Assessment of formation strength from geophysical well logs using neural networks
Document Type
Conference Proceeding
Date of Original Version
12-28-2006
Abstract
This paper presents the methodologies and results of two types of neural networks used to estimate the unconfined compressive strength (UCS) of weakly cemented sandstones from geophysical log data. The first neural network used 29 different logs as input and predicted UCS values at 8 cm depth resolution that were in good agreement with measured values. The second neural network used an innovative approach to improve the depth resolution and detection of thin bedding by relating changes in high resolution logs (e.g. bulk density or resistivity) to changes in strength. Preliminary analyses used to predict the undrained shear strength of marine clay illustrate the potential of this new approach for predicting the strength of weakly cemented sandstones. Copyright ASCE 2006.

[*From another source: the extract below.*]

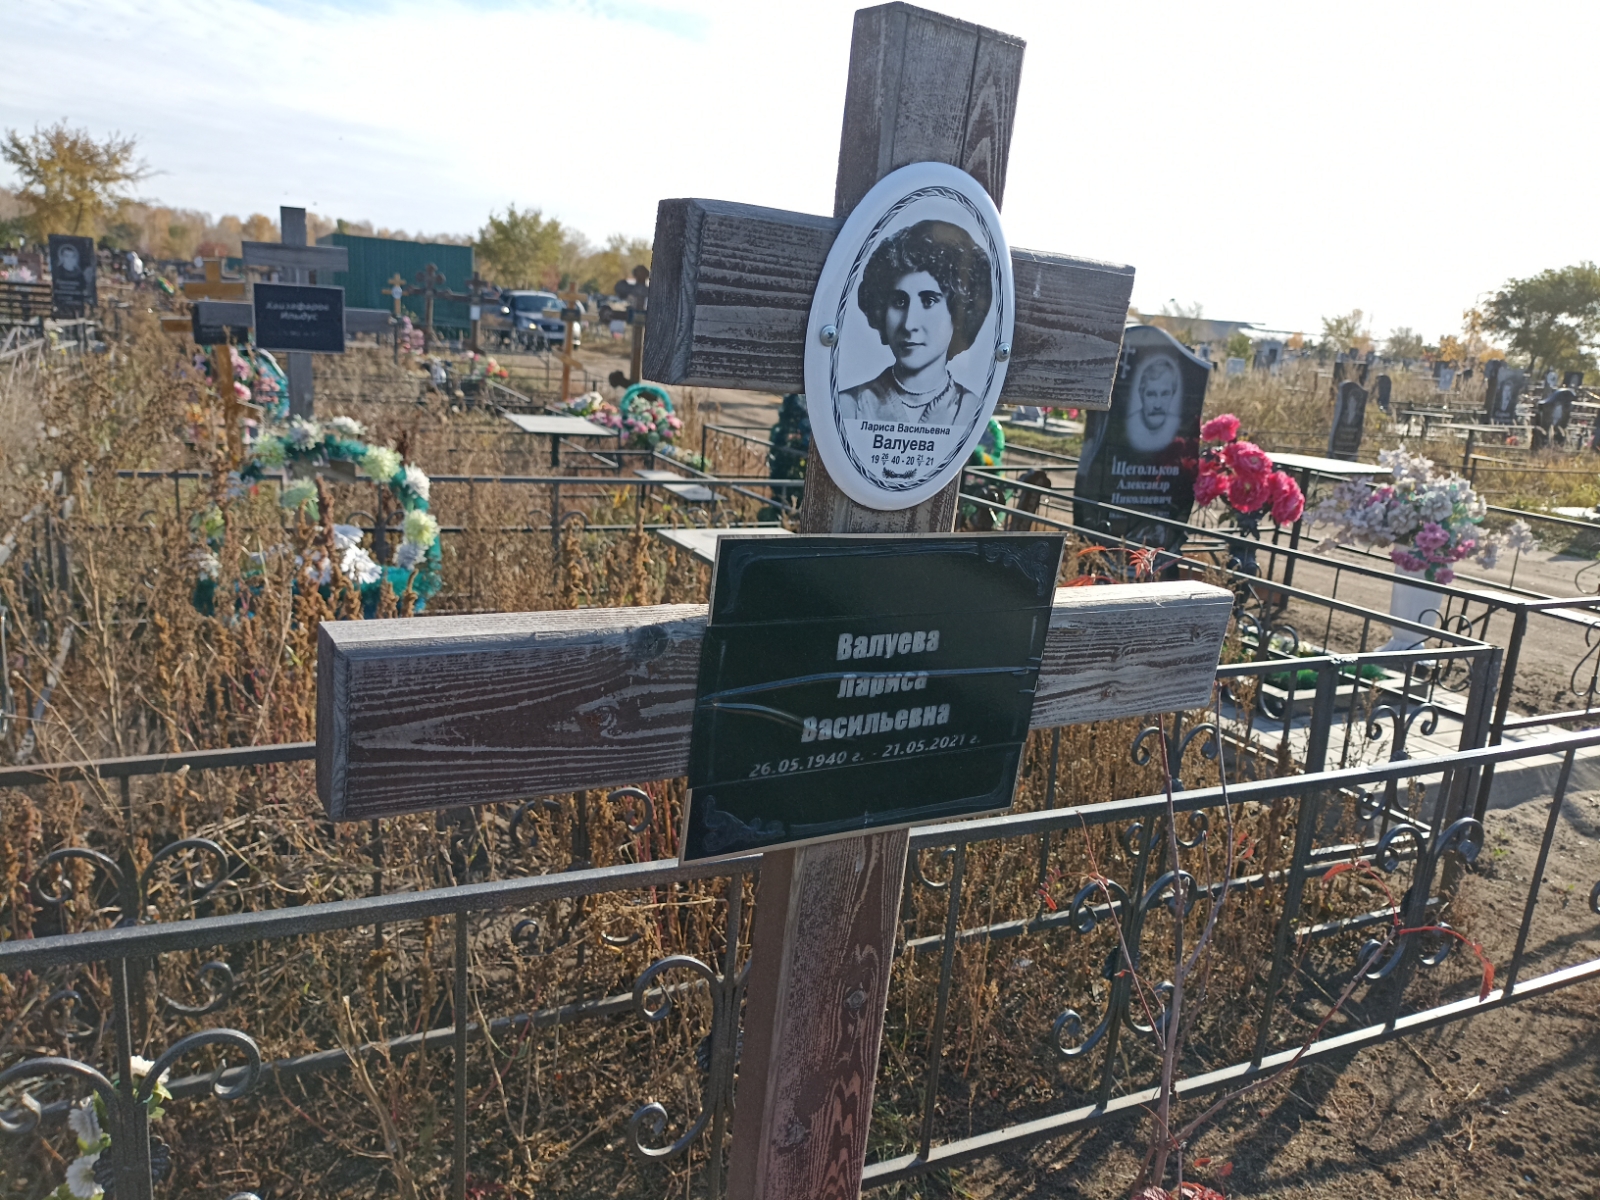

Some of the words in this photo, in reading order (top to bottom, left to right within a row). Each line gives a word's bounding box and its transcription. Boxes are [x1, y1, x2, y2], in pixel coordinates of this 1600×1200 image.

Publication Title, e.g., Journal
GeoCongress 2006: Geotechnical Engineering in the Information Technology Age
Volume
2006
Citation/Publisher Attribution
Ressler, Jason E., Christopher D. Baxter, Kathryn Moran, Meghan Paulson, Ion Ispas, and Hans Vaziri. "Assessment of formation strength from geophysical well logs using neural networks." GeoCongress 2006: Geotechnical Engineering in the Information Technology Age 2006, (2006): 129. doi: 10.1061/40803(187)129.